Required work -> Your response should consist of the full data, set down exactly.

Stored items from a collection:
-.-.-
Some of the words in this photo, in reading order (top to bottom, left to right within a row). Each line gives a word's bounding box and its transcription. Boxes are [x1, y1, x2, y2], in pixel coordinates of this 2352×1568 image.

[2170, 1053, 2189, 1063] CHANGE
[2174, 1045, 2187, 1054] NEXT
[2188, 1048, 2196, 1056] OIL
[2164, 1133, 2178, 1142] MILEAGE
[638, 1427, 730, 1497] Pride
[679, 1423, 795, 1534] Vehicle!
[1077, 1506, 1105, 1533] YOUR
-.-.-
Response to this exercise ->
Some of the words in this photo, in reading order (top to bottom, left to right within a row). Each line gives a word's bounding box and its transcription. Boxes are [x1, y1, x2, y2], in pixel coordinates of this 2352×1568 image.

[2170, 1053, 2189, 1063] CHANGE
[2174, 1045, 2187, 1054] NEXT
[2188, 1048, 2196, 1056] OIL
[2164, 1133, 2178, 1142] MILEAGE
[638, 1427, 730, 1497] Pride
[679, 1423, 795, 1534] Vehicle!
[1077, 1506, 1105, 1533] YOUR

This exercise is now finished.